--- Provided data ---

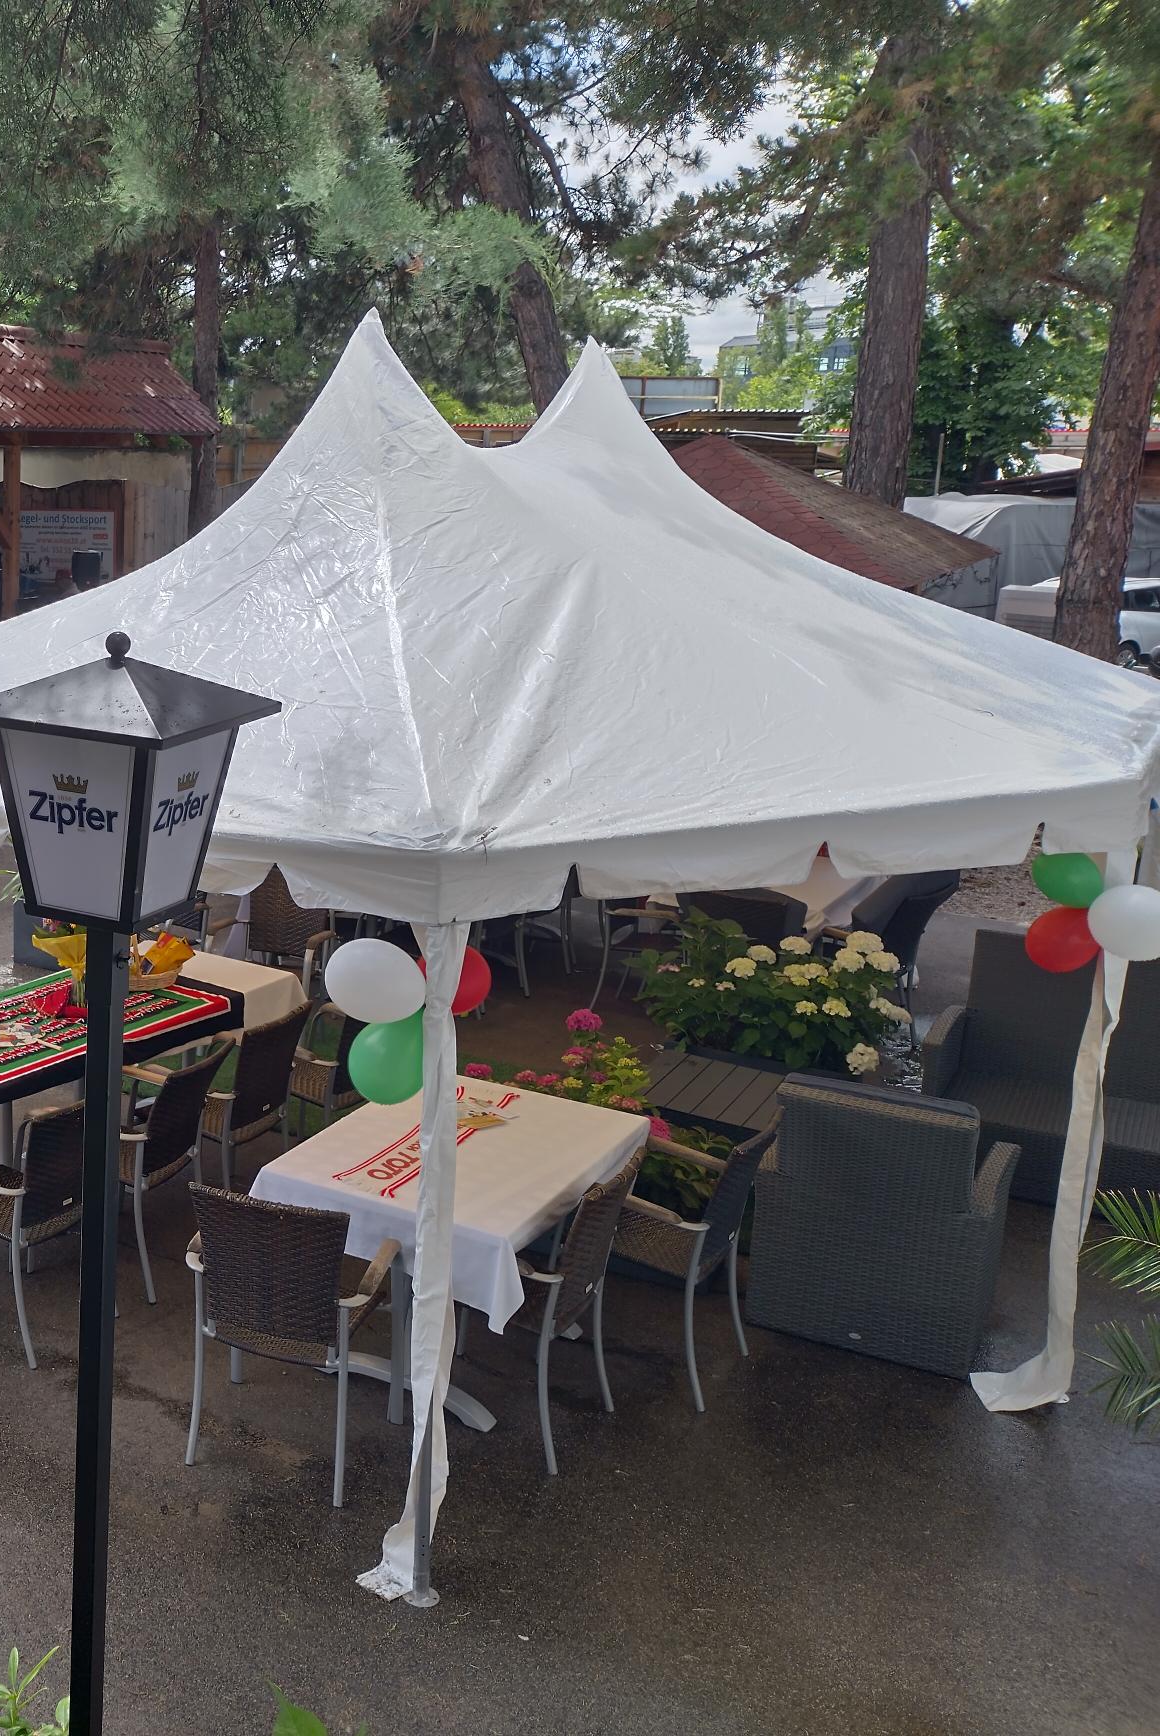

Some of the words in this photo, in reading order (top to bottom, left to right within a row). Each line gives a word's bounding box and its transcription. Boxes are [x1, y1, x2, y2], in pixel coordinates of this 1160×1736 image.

[19, 514, 41, 525] egel-
[43, 514, 60, 524] und
[62, 514, 107, 526] Stocksport
[28, 789, 119, 834] Zipfer
[152, 790, 210, 836] Zipfer
[367, 1151, 420, 1180] TOTO
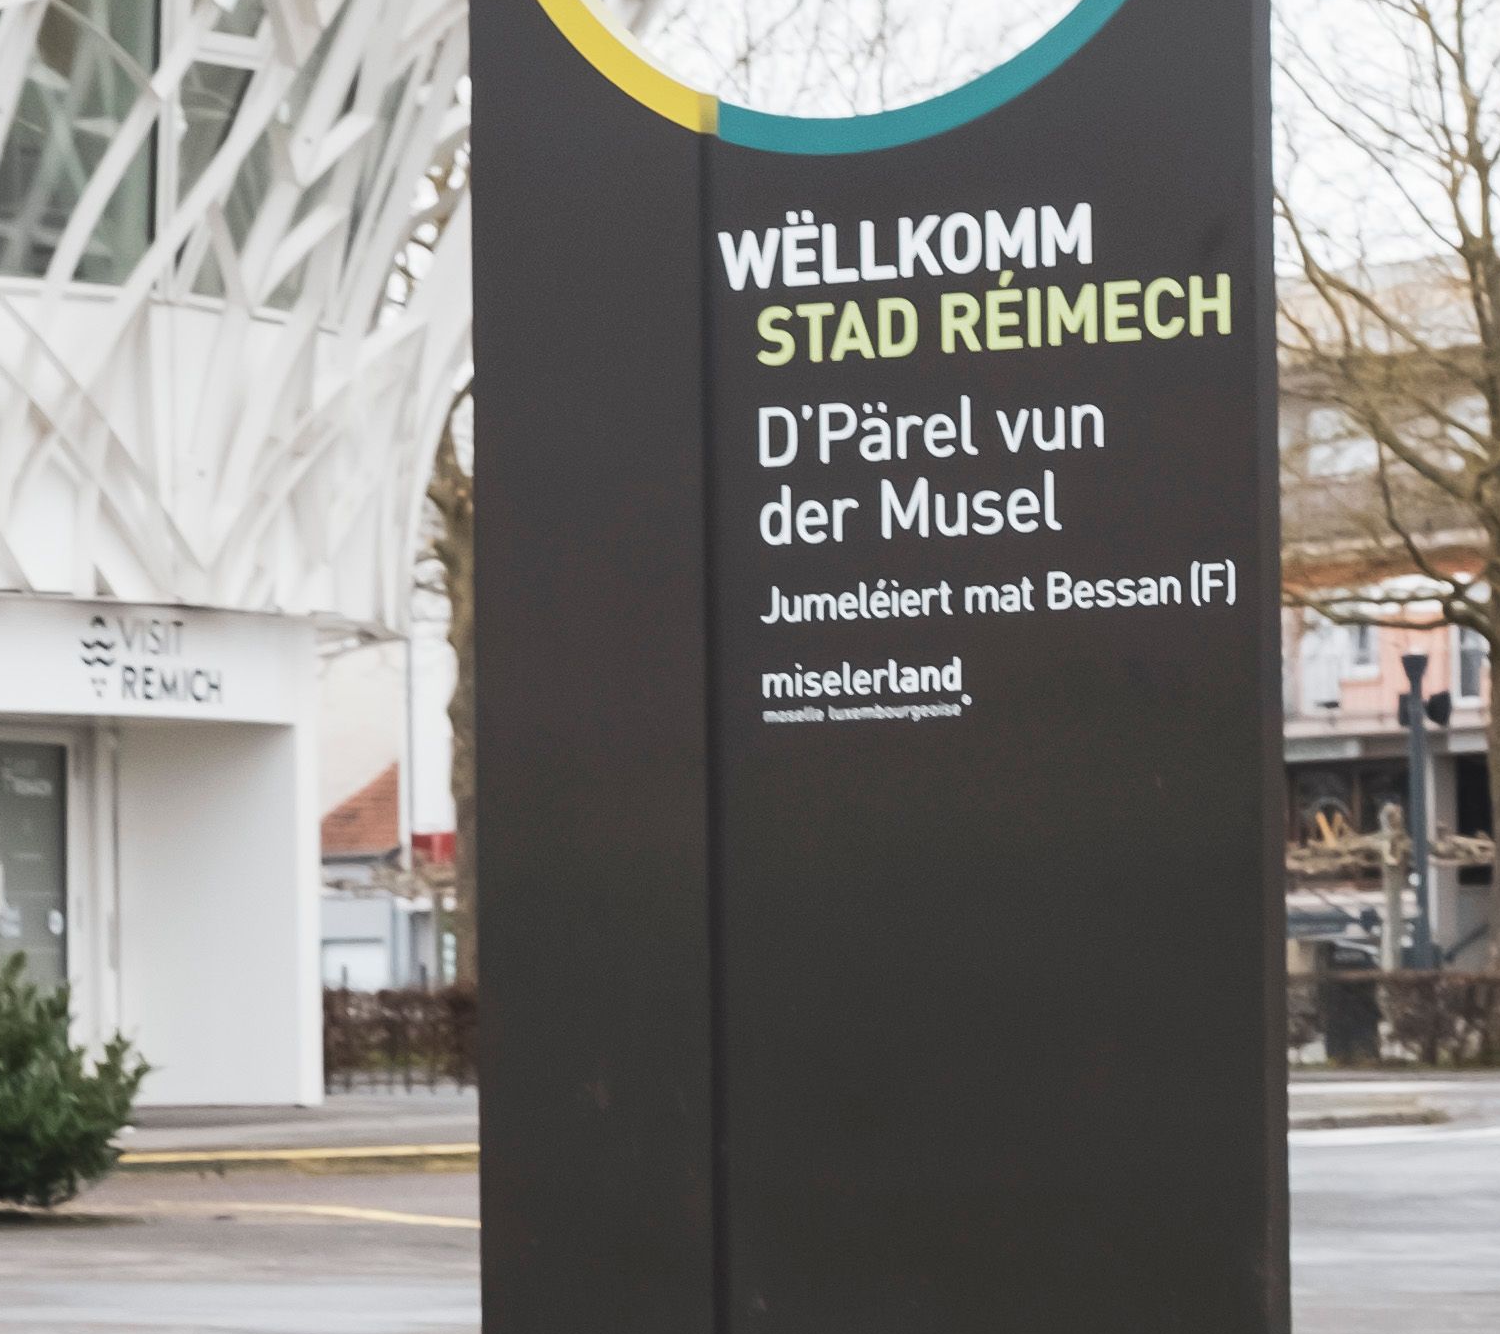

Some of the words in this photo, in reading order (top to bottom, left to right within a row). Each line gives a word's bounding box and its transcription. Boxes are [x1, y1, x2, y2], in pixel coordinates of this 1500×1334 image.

--- Assigned task ---
Word for word, give the entries above again, with no images included.

--- Written response ---
Some of the words in this photo, in reading order (top to bottom, left to right within a row). Each line gives a word's bounding box and its transcription. Boxes are [x1, y1, x2, y2], in pixel coordinates of this 1160×1736 image.

[19, 514, 41, 525] egel-
[43, 514, 60, 524] und
[62, 514, 107, 526] Stocksport
[28, 789, 119, 834] Zipfer
[152, 790, 210, 836] Zipfer
[367, 1151, 420, 1180] TOTO

Some of the words in this photo, in reading order (top to bottom, left to right within a row). Each line gives a word's bounding box and its transcription. Boxes are [x1, y1, x2, y2], in pixel coordinates of this 1500×1334 image.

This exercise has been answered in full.